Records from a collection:
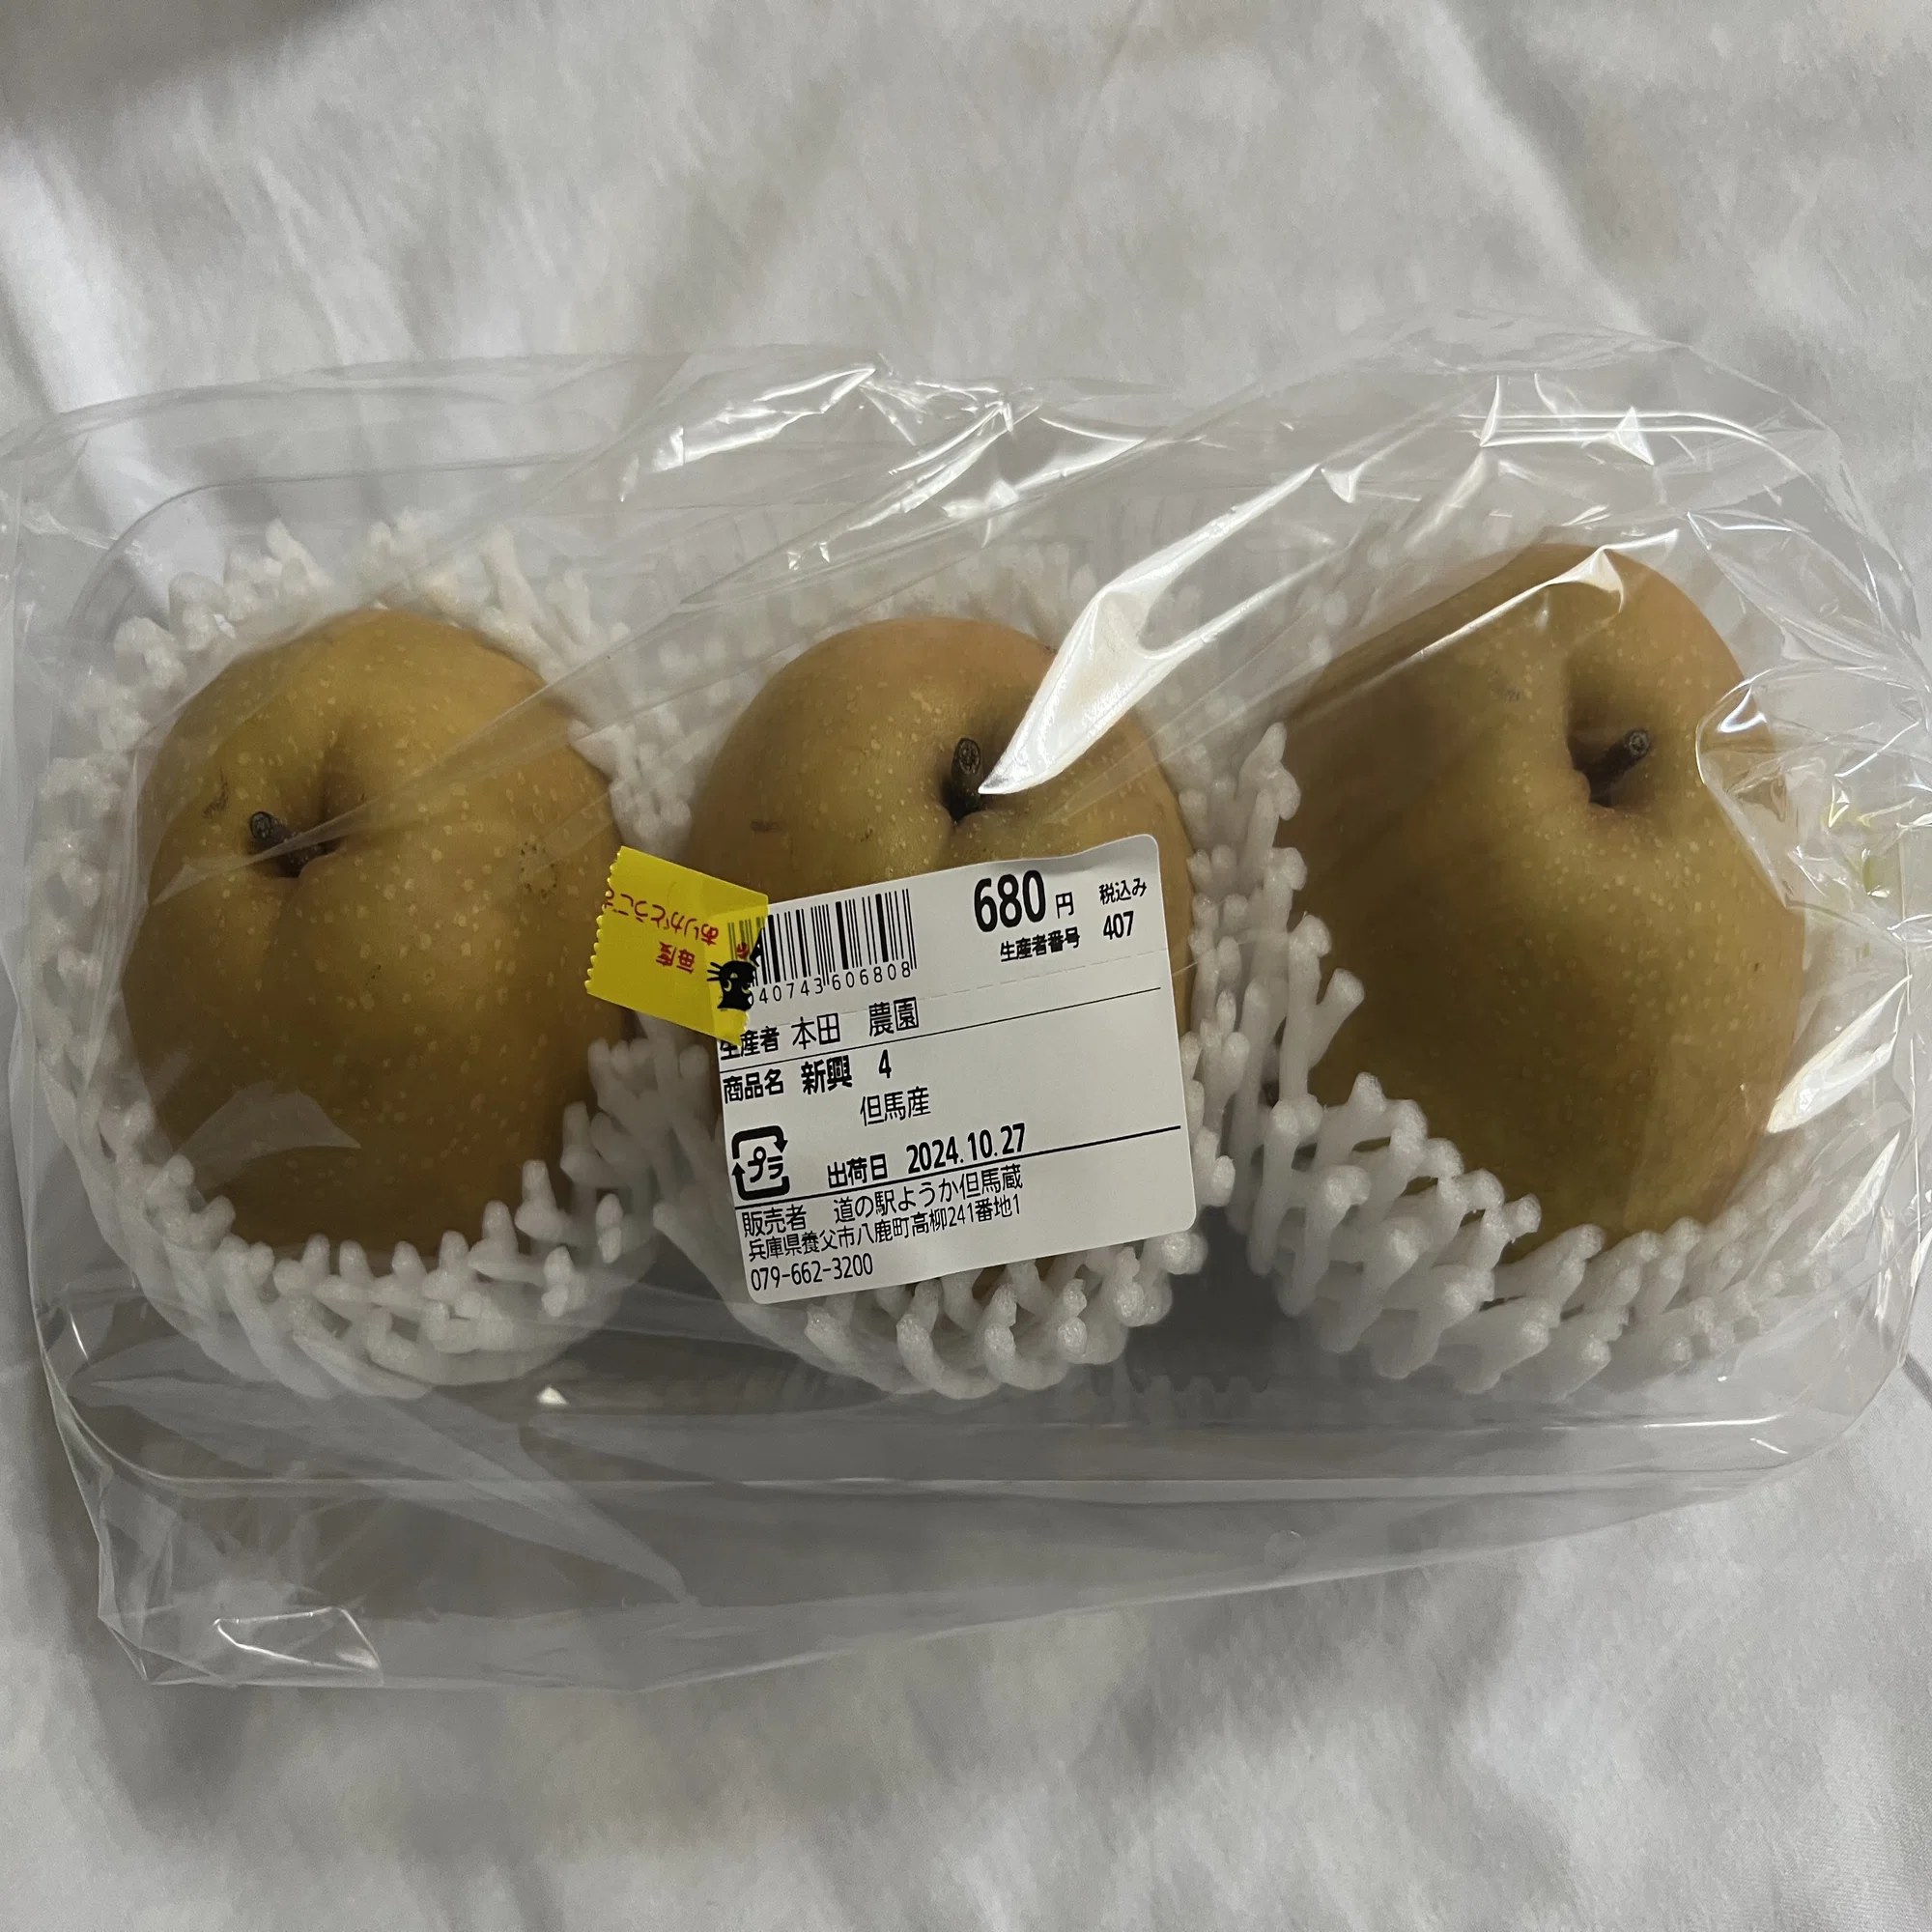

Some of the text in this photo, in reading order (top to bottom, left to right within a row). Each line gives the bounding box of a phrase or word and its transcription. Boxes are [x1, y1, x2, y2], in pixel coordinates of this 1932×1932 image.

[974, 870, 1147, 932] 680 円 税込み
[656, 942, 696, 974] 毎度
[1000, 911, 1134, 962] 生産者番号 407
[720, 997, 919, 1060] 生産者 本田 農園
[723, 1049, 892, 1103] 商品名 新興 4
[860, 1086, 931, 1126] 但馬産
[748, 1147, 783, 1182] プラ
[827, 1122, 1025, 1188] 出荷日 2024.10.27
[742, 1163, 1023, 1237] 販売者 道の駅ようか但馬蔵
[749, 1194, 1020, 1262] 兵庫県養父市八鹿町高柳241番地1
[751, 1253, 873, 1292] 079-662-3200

TO DO →
Write out the whole of the data exactly; the pictures stay out.

PROBLEM SOLUTION →
Some of the text in this photo, in reading order (top to bottom, left to right within a row). Each line gives the bounding box of a phrase or word and its transcription. Boxes are [x1, y1, x2, y2], in pixel coordinates of this 1932×1932 image.

[974, 870, 1147, 932] 680 円 税込み
[656, 942, 696, 974] 毎度
[1000, 911, 1134, 962] 生産者番号 407
[720, 997, 919, 1060] 生産者 本田 農園
[723, 1049, 892, 1103] 商品名 新興 4
[860, 1086, 931, 1126] 但馬産
[748, 1147, 783, 1182] プラ
[827, 1122, 1025, 1188] 出荷日 2024.10.27
[742, 1163, 1023, 1237] 販売者 道の駅ようか但馬蔵
[749, 1194, 1020, 1262] 兵庫県養父市八鹿町高柳241番地1
[751, 1253, 873, 1292] 079-662-3200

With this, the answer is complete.